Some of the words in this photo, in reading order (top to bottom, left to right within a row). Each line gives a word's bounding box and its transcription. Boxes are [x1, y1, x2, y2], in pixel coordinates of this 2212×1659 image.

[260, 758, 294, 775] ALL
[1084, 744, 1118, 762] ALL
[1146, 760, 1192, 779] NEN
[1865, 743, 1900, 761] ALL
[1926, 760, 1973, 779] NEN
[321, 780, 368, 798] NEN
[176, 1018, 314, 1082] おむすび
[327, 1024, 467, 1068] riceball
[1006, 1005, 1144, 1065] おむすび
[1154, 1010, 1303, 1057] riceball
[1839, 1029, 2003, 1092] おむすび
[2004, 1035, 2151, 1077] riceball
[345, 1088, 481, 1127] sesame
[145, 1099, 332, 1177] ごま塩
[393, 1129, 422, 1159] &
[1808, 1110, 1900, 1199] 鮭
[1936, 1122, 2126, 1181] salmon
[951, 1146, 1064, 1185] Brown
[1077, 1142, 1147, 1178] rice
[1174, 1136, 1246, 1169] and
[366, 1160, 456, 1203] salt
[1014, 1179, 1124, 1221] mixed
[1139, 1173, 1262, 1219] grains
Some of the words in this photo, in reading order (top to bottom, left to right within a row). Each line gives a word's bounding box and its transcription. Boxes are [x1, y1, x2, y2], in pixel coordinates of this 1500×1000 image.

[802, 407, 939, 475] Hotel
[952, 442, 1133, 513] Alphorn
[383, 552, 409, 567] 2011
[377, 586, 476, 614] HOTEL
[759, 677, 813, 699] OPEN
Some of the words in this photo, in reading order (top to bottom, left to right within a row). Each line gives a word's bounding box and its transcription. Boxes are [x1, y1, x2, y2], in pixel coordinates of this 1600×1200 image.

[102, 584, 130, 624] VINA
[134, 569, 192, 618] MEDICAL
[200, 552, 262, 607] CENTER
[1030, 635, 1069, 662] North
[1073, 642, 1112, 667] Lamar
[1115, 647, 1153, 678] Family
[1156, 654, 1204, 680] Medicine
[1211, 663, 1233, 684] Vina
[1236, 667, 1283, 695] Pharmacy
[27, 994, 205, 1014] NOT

HOW TO COMPLETE THIS TASK – Your task is to output all of the data above word for word.

PROBLEM SOLUTION –
Some of the words in this photo, in reading order (top to bottom, left to right within a row). Each line gives a word's bounding box and its transcription. Boxes are [x1, y1, x2, y2], in pixel coordinates of this 2212×1659 image.

[260, 758, 294, 775] ALL
[1084, 744, 1118, 762] ALL
[1146, 760, 1192, 779] NEN
[1865, 743, 1900, 761] ALL
[1926, 760, 1973, 779] NEN
[321, 780, 368, 798] NEN
[176, 1018, 314, 1082] おむすび
[327, 1024, 467, 1068] riceball
[1006, 1005, 1144, 1065] おむすび
[1154, 1010, 1303, 1057] riceball
[1839, 1029, 2003, 1092] おむすび
[2004, 1035, 2151, 1077] riceball
[345, 1088, 481, 1127] sesame
[145, 1099, 332, 1177] ごま塩
[393, 1129, 422, 1159] &
[1808, 1110, 1900, 1199] 鮭
[1936, 1122, 2126, 1181] salmon
[951, 1146, 1064, 1185] Brown
[1077, 1142, 1147, 1178] rice
[1174, 1136, 1246, 1169] and
[366, 1160, 456, 1203] salt
[1014, 1179, 1124, 1221] mixed
[1139, 1173, 1262, 1219] grains
Some of the words in this photo, in reading order (top to bottom, left to right within a row). Each line gives a word's bounding box and its transcription. Boxes are [x1, y1, x2, y2], in pixel coordinates of this 1500×1000 image.

[802, 407, 939, 475] Hotel
[952, 442, 1133, 513] Alphorn
[383, 552, 409, 567] 2011
[377, 586, 476, 614] HOTEL
[759, 677, 813, 699] OPEN
Some of the words in this photo, in reading order (top to bottom, left to right within a row). Each line gives a word's bounding box and its transcription. Boxes are [x1, y1, x2, y2], in pixel coordinates of this 1600×1200 image.

[102, 584, 130, 624] VINA
[134, 569, 192, 618] MEDICAL
[200, 552, 262, 607] CENTER
[1030, 635, 1069, 662] North
[1073, 642, 1112, 667] Lamar
[1115, 647, 1153, 678] Family
[1156, 654, 1204, 680] Medicine
[1211, 663, 1233, 684] Vina
[1236, 667, 1283, 695] Pharmacy
[27, 994, 205, 1014] NOT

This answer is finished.